Free-text object descriptions:
*** Block opens ***
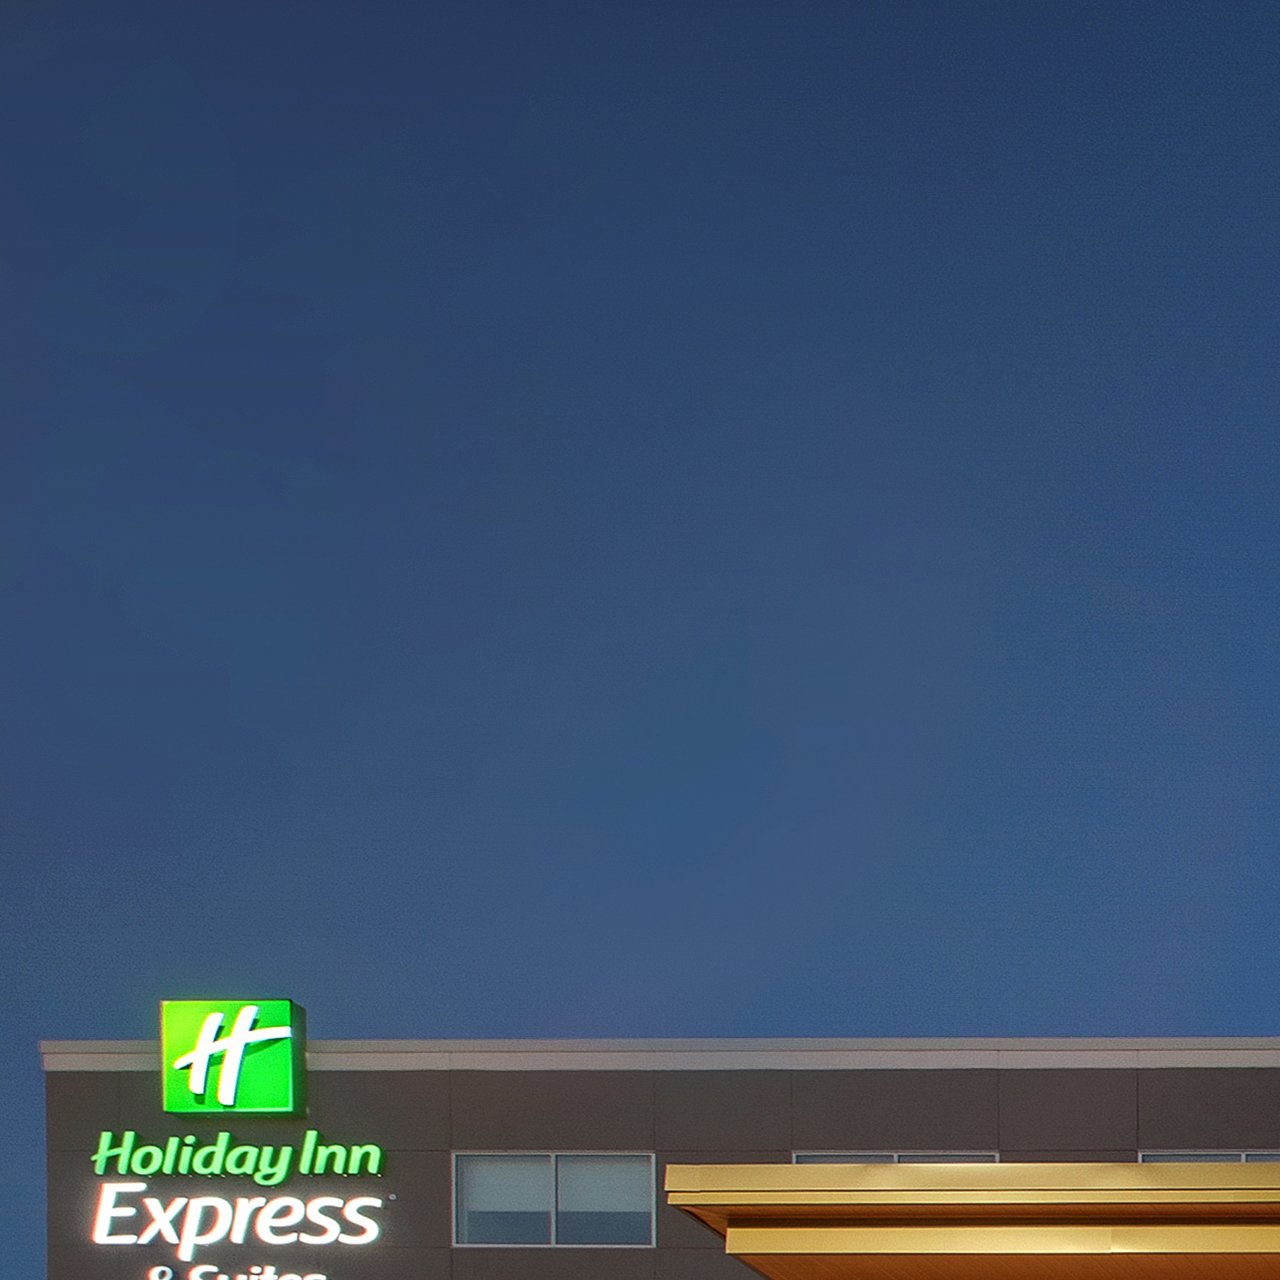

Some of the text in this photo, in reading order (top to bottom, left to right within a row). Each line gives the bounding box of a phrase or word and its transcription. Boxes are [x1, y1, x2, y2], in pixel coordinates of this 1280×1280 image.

[91, 1130, 382, 1185] Holiday Inn
[91, 1182, 383, 1262] Express
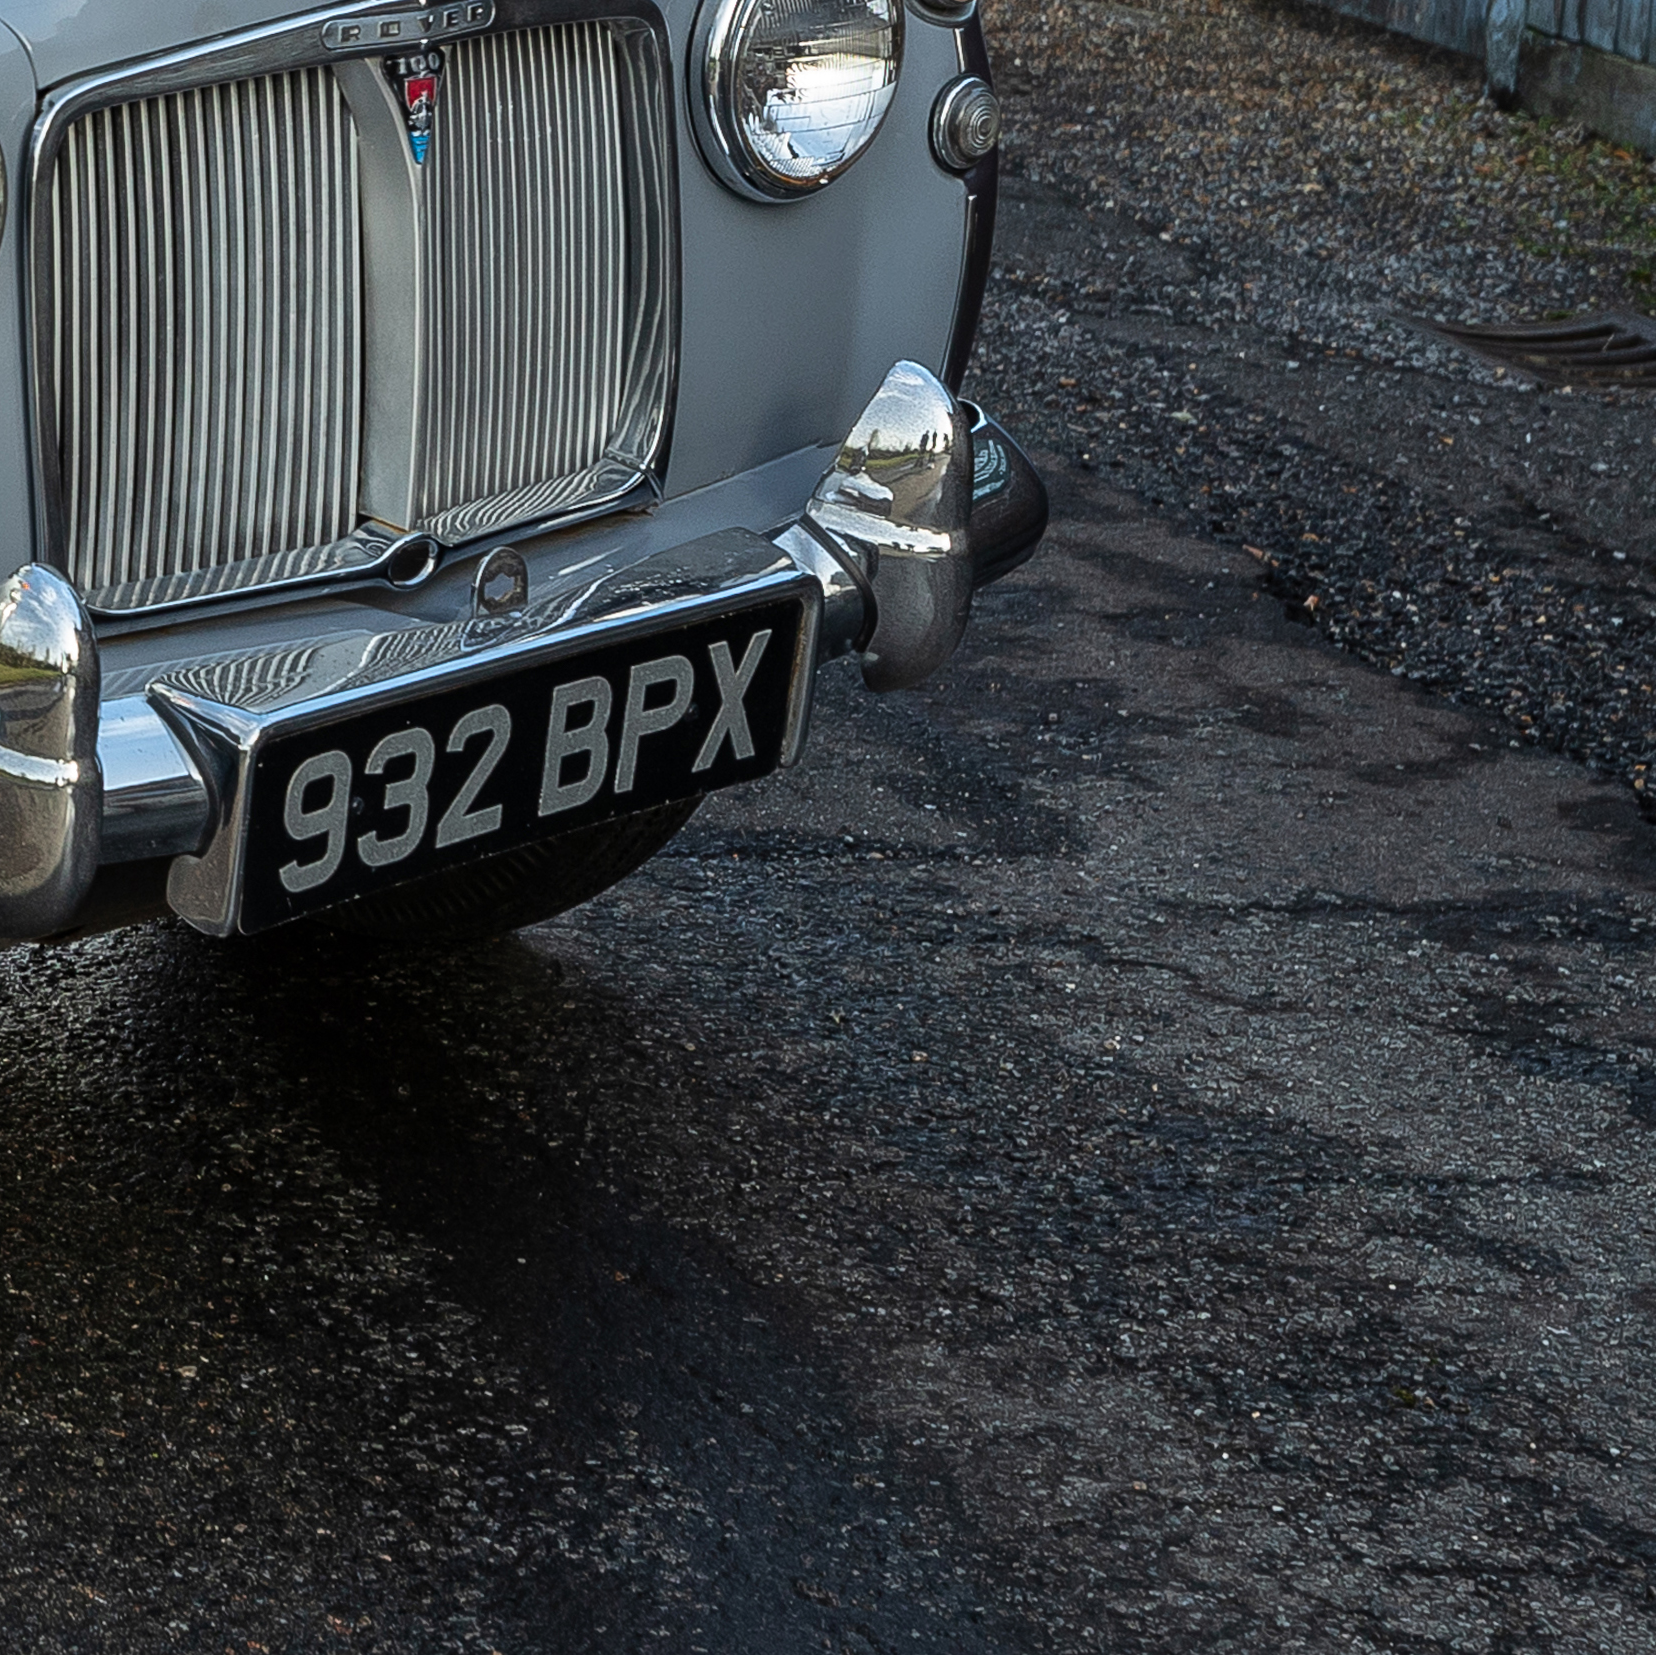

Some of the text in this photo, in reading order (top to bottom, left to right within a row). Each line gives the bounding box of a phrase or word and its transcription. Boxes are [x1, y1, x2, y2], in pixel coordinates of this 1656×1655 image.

[337, 1, 486, 43] ROVER
[397, 52, 441, 75] 100
[278, 629, 774, 893] 932 BPX
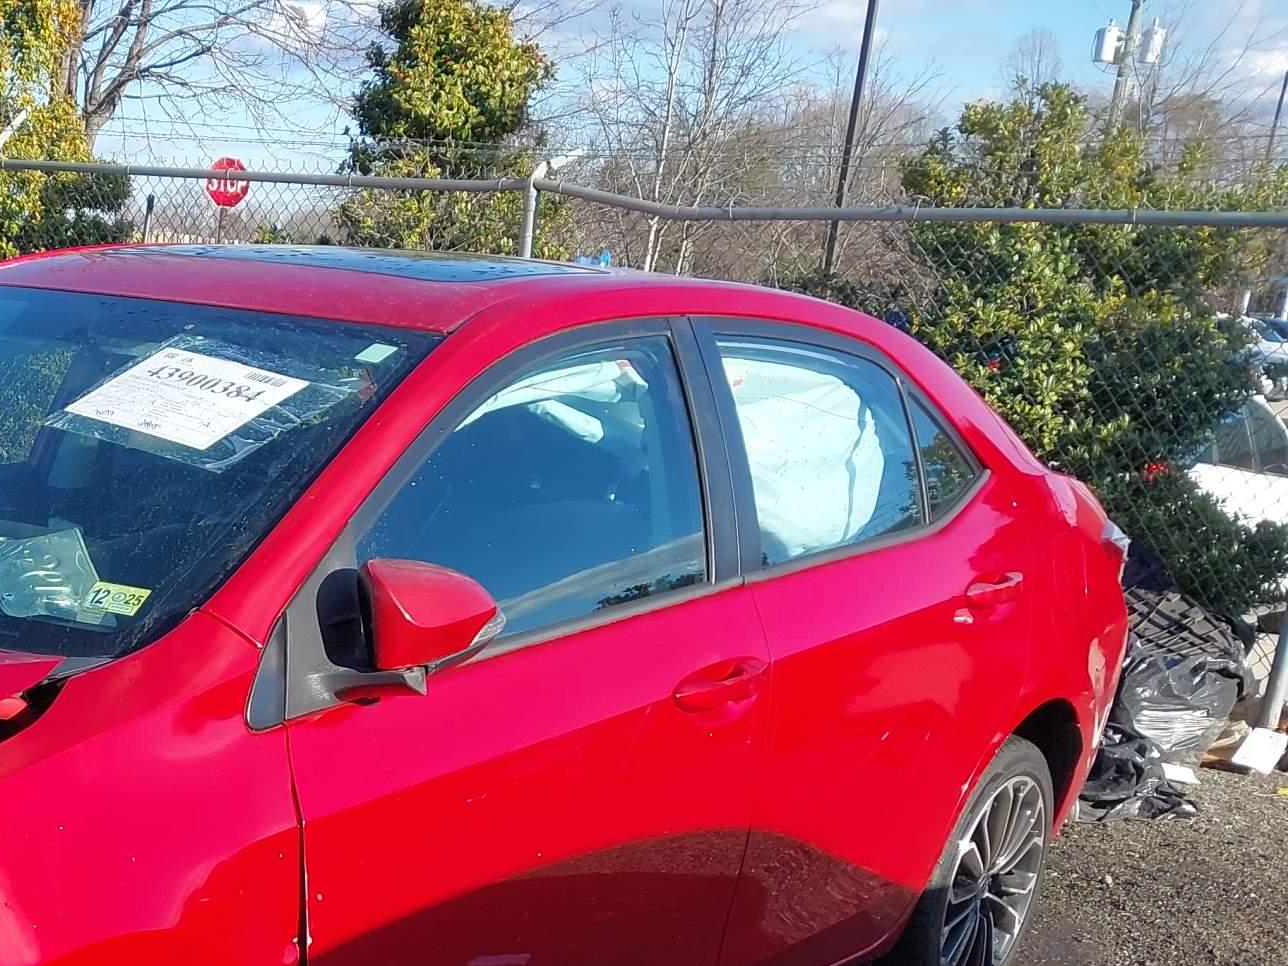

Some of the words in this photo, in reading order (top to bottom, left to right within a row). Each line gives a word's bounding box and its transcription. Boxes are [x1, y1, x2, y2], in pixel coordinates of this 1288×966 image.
*** Block closes ***
DIRECTIONS FOR THIS TASK:
Give the data above again, exactly and completely. No pictures go in.

RESPONSE:
Some of the text in this photo, in reading order (top to bottom, left to right within a row). Each line gives the bounding box of a phrase or word and its transcription. Boxes are [x1, y1, x2, y2], in pixel coordinates of this 1280×1280 image.

[91, 1130, 382, 1185] Holiday Inn
[91, 1182, 383, 1262] Express

Some of the text in this photo, in reading order (top to bottom, left to right within a row). Each line gives the bounding box of a phrase or word and its transcription. Boxes are [x1, y1, x2, y2], in pixel coordinates of this 1656×1655 image.

[337, 1, 486, 43] ROVER
[397, 52, 441, 75] 100
[278, 629, 774, 893] 932 BPX

Some of the words in this photo, in reading order (top to bottom, left to right within a row). Each line gives a word's bounding box and its transcription. Boxes are [x1, y1, x2, y2], in pixel coordinates of this 1288×966 image.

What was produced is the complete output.